:: What is needed ::
Quote the entries word for word. Omit the pictures.

[[ Exercise material, beginning ]]

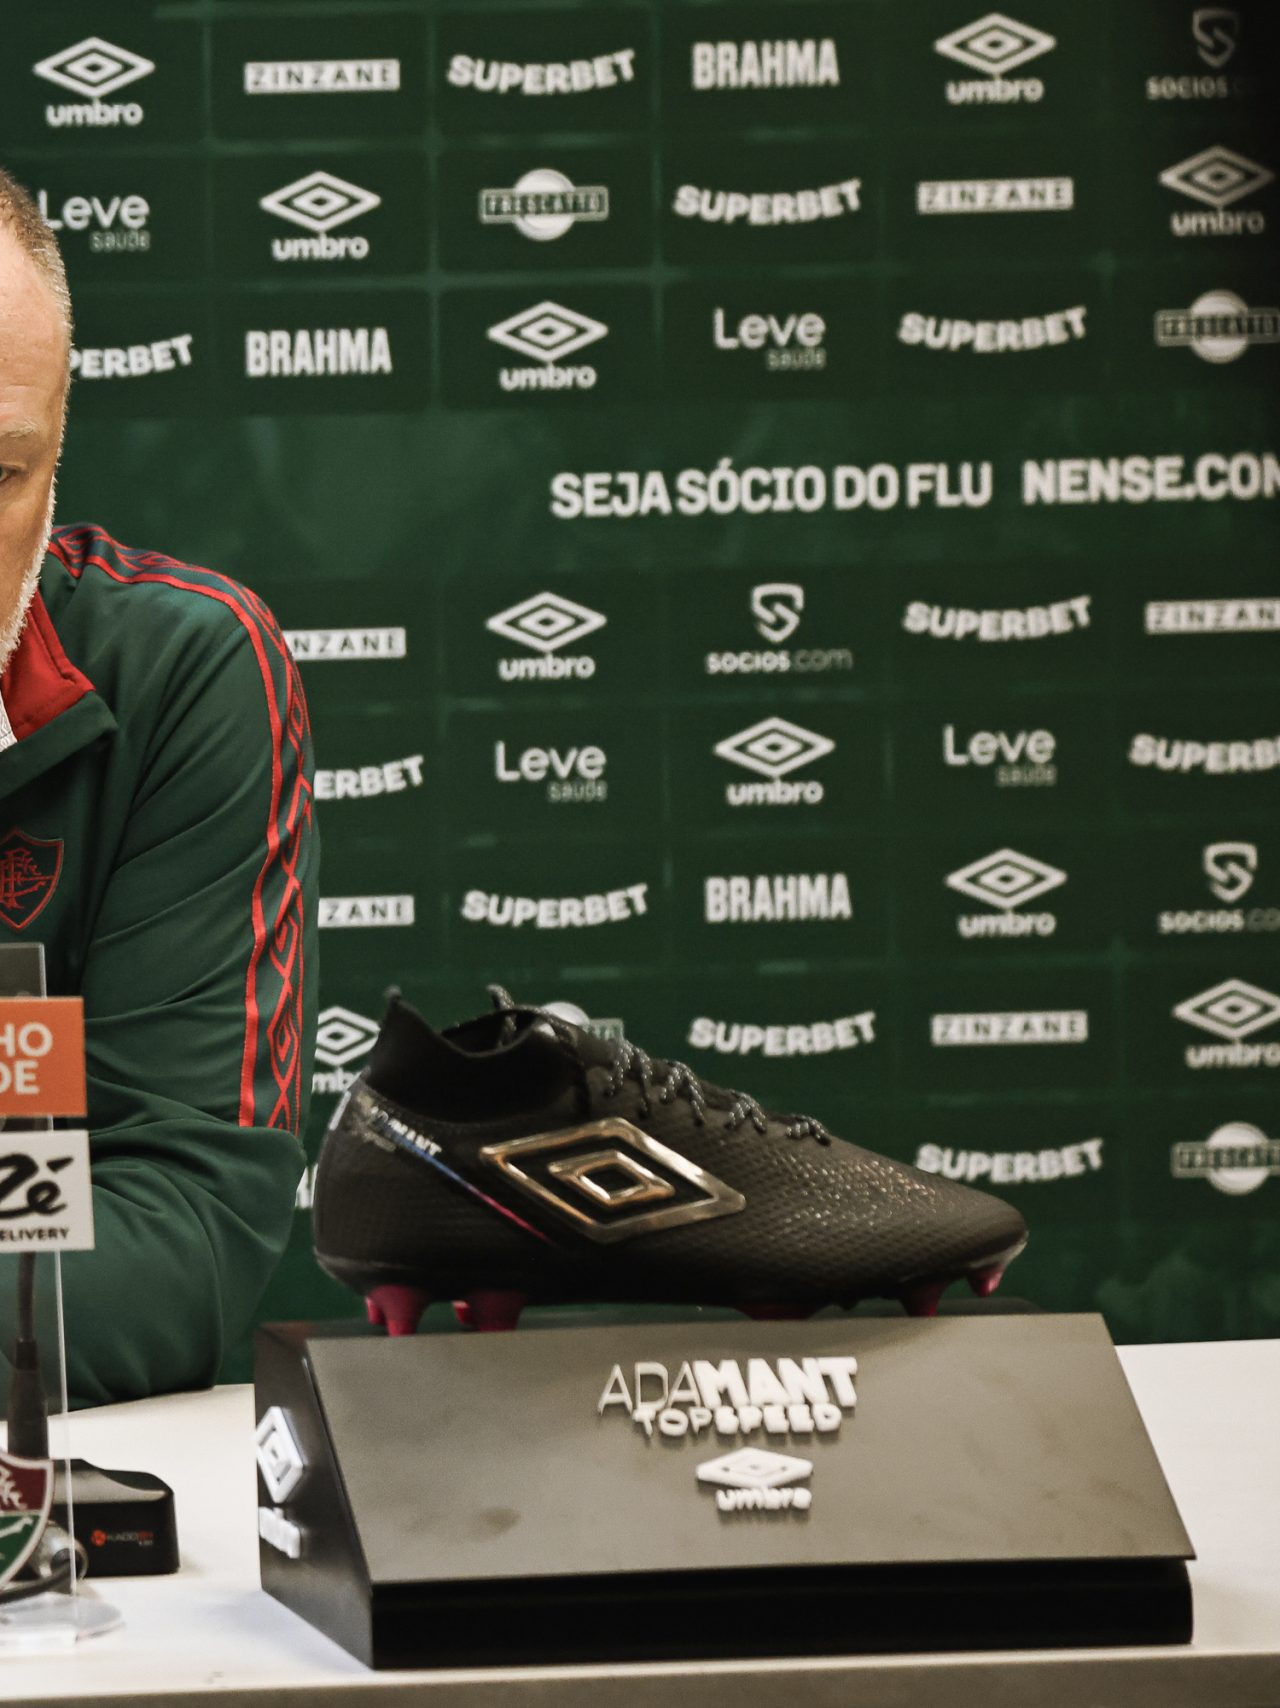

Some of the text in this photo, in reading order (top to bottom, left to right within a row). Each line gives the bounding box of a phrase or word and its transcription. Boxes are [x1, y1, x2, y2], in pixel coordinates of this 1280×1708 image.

[447, 49, 634, 94] SUPERBET
[692, 39, 839, 89] BRAHMA
[946, 76, 1044, 104] umbro
[46, 99, 143, 127] umbro
[36, 188, 151, 231] Leve
[673, 179, 860, 225] SUPERBET
[1170, 208, 1263, 236] umbro
[272, 232, 369, 261] umbro
[714, 308, 825, 348] Leve
[898, 307, 1086, 352] SUPERBET
[246, 328, 392, 377] BRAHMA
[499, 362, 597, 391] umbro
[550, 471, 672, 519] SEJA
[676, 457, 825, 515] SÓCIO
[833, 463, 899, 510] DO
[906, 462, 992, 508] FLU
[903, 596, 1090, 641] SUPERBET
[498, 652, 595, 680] umbro
[495, 741, 606, 783] Leve
[943, 725, 1055, 766] Leve
[1129, 734, 1280, 773] SUPERB
[726, 779, 823, 806] umbro
[461, 883, 647, 928] SUPERBET
[705, 873, 852, 922] BRAHMA
[958, 910, 1056, 938] umbro
[688, 1011, 875, 1056] SUPERBET
[915, 1137, 1105, 1185] SUPERBET
[597, 1356, 859, 1417] ADAMANT

[[ Exercise material, end ]]

:: Exercise answer ::
Some of the text in this photo, in reading order (top to bottom, left to right within a row). Each line gives the bounding box of a phrase or word and its transcription. Boxes are [x1, y1, x2, y2], in pixel coordinates of this 1280×1708 image.

[447, 49, 634, 94] SUPERBET
[692, 39, 839, 89] BRAHMA
[946, 76, 1044, 104] umbro
[46, 99, 143, 127] umbro
[36, 188, 151, 231] Leve
[673, 179, 860, 225] SUPERBET
[1170, 208, 1263, 236] umbro
[272, 232, 369, 261] umbro
[714, 308, 825, 348] Leve
[898, 307, 1086, 352] SUPERBET
[246, 328, 392, 377] BRAHMA
[499, 362, 597, 391] umbro
[550, 471, 672, 519] SEJA
[676, 457, 825, 515] SÓCIO
[833, 463, 899, 510] DO
[906, 462, 992, 508] FLU
[903, 596, 1090, 641] SUPERBET
[498, 652, 595, 680] umbro
[495, 741, 606, 783] Leve
[943, 725, 1055, 766] Leve
[1129, 734, 1280, 773] SUPERB
[726, 779, 823, 806] umbro
[461, 883, 647, 928] SUPERBET
[705, 873, 852, 922] BRAHMA
[958, 910, 1056, 938] umbro
[688, 1011, 875, 1056] SUPERBET
[915, 1137, 1105, 1185] SUPERBET
[597, 1356, 859, 1417] ADAMANT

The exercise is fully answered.